In Pictures: Nine Ways to Battle Anxiety
Though anxiety is the body's natural response to a threat, that alarm system sometimes sounds unnecessarily, cluttering the mind with the chatter of negative thinking. The breathing exercise helps divert the mind's attention elsewhere.
Controlled breathing isn't the only strategy for anxiety relief, either. Others include engaging the brain and body, cognitive and behavioral adjustments, and meditative techniques.
The origins of anxiety
If it's difficult to understand why you are plagued by certain anxious thoughts, don't take it personally—it's a phenomenon that still eludes scientists. What is known, says Dr. Sonia Bishop, an assistant professor of psychology at the University of California, Berkeley, is that anxiety involves responses in two parts of the brain: the amygdala and the prefrontal cortex.
The amygdala is responsible for the fight-or-flight response, while the prefrontal cortex controls executive functions like decision-making and planning. A human foraging for berries, for example, would use the prefrontal cortex to decide which berries to collect. If a predator suddenly jumped from the bushes, the amygdala would sound the alarm.

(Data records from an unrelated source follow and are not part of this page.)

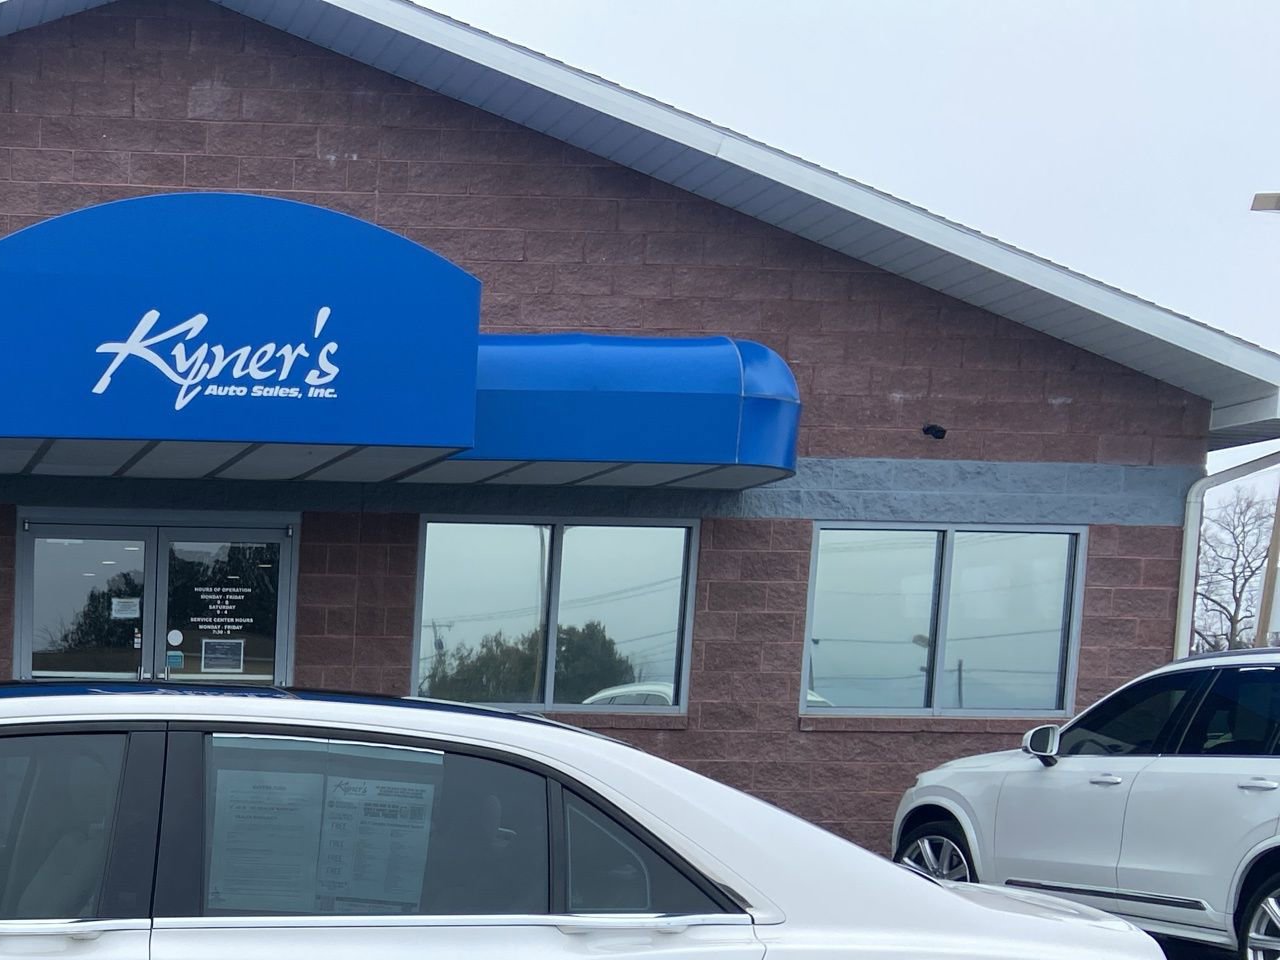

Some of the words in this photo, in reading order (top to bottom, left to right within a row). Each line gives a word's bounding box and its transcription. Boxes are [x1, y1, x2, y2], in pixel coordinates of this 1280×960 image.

[91, 306, 340, 411] Kyner's
[204, 384, 248, 397] Auto
[251, 385, 303, 399] Sales,
[307, 386, 338, 398] Inc.
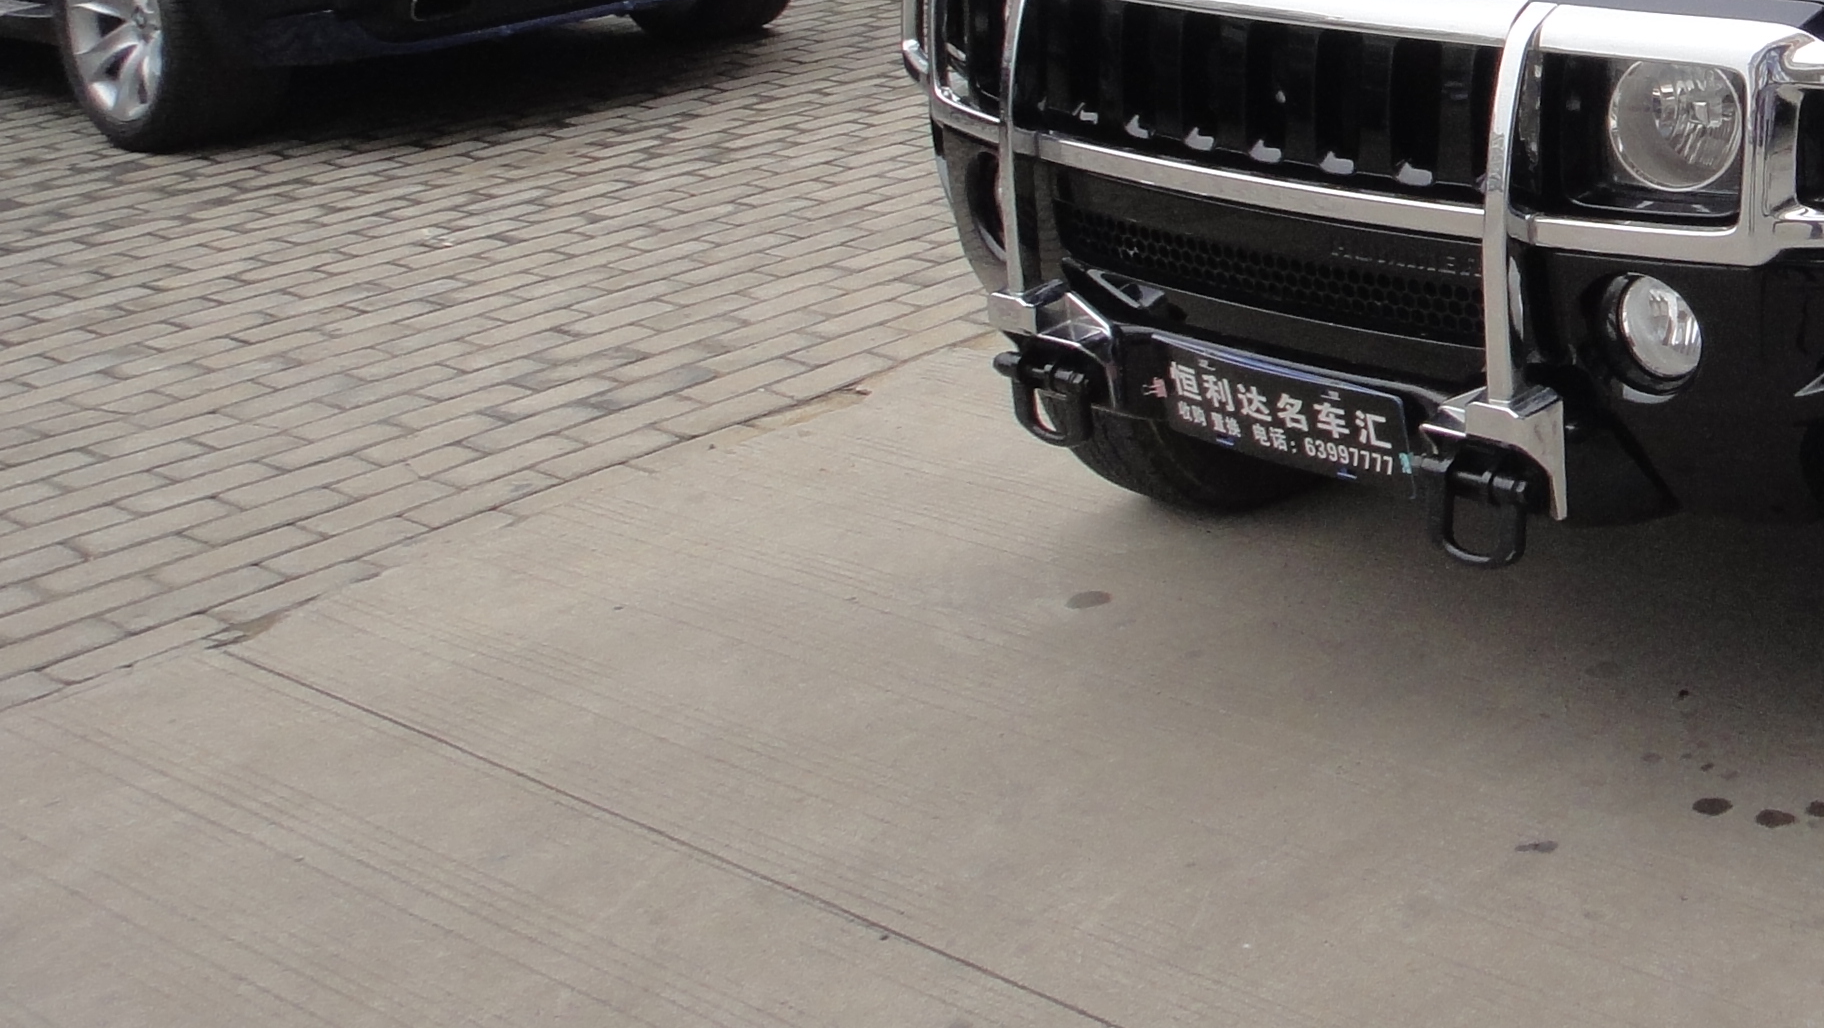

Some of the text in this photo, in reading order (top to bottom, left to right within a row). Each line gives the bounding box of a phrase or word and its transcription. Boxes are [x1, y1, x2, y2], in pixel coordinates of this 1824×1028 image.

[1169, 360, 1393, 451] 恒利达名车汇

Scientists don't fully understand why certain individuals are more prone to anxiety, but some theories suggest varying levels of neurotransmitters—the chemicals that relay signals between neurons and cells and affect how well the amygdala and pre-frontal cortex function—may play an important role.
What interests Bishop, however, is how the anxiety-ridden can reverse course regardless of pre-disposition. That's why she recently conducted a brain-imaging study with 17 participants, some of whom had "high trait anxiety," which was determined using a standardized measurement.

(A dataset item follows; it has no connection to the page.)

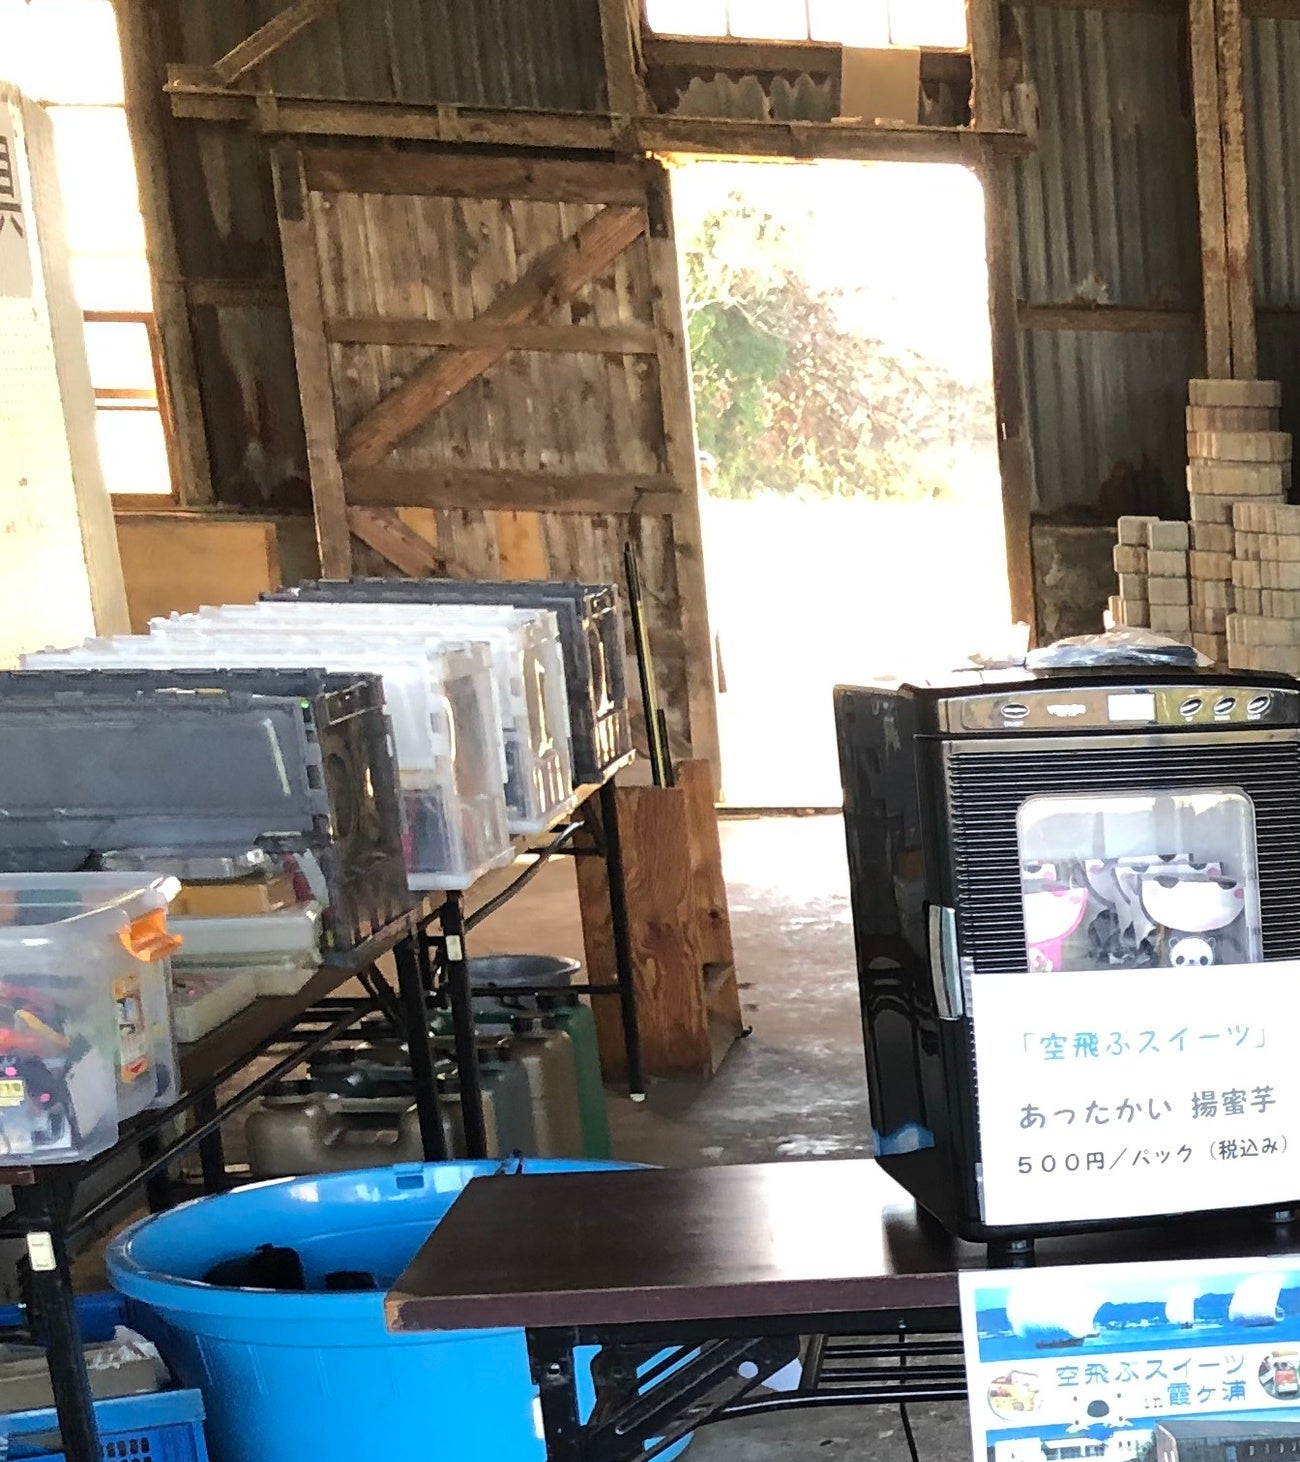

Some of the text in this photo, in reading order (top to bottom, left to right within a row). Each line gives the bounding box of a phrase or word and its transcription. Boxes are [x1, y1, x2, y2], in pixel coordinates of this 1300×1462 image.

[1055, 1353, 1245, 1387] 空飛ぶスイーツ

While being monitored by an MRI that tracks changes in brain activity, each participant had to engage the pre-frontal cortex by identifying certain letters and ignoring others. When the task increased in difficulty, both groups did well on recruiting that region of the brain. But when the task was easy, those with trait anxiety did a poor job. This was particularly telling, says Bishop, because the participants were not exposed to any anxiety-triggering threats.
The results have led her to believe that the anxiety-prone may have difficulty preventing the mind from lingering on distractions when performing easy, day-to-day tasks.
Though not yet tested by other scientists, Bishop's conclusion seems to reflect what works well in other successful techniques for battling anxiety: meaningful distraction.
Overcoming anxiety
You could try informally testing Bishop's theory by doing a crossword puzzle instead of watching TV. More commonly accepted remedies for curbing anxiety include socializing and exercise, the latter of which can increase levels of dopamine, the body's naturally occurring, mood-boosting chemical. Such distractions are most effective, though, when paired with a real effort to switch your focus.
In the simplest terms, that's what Dr. Israel Liberzon, a professor of psychology and psychiatry at the University of Michigan, tries to teach his patients. Using cognitive and behavioral techniques, Liberzon shows patients—many of whom suffer from anxiety disorders—how to change the way they deal with their worries.
Often he advocates for reconsidering what you associate with anxiety, trying to judge perceived threats using a more rational scale or creating an emotional distance from certain fears. In other words, putting things in perspective.
But since that reaction is hardly intuitive, Liberzon recommends seeking out professional help. In addition to the Anxiety Disorders Association of America, a nonprofit organization that provides information on anxiety treatments, Liberzon says support groups and local universities with anxiety and stress research centers can serve as useful resources.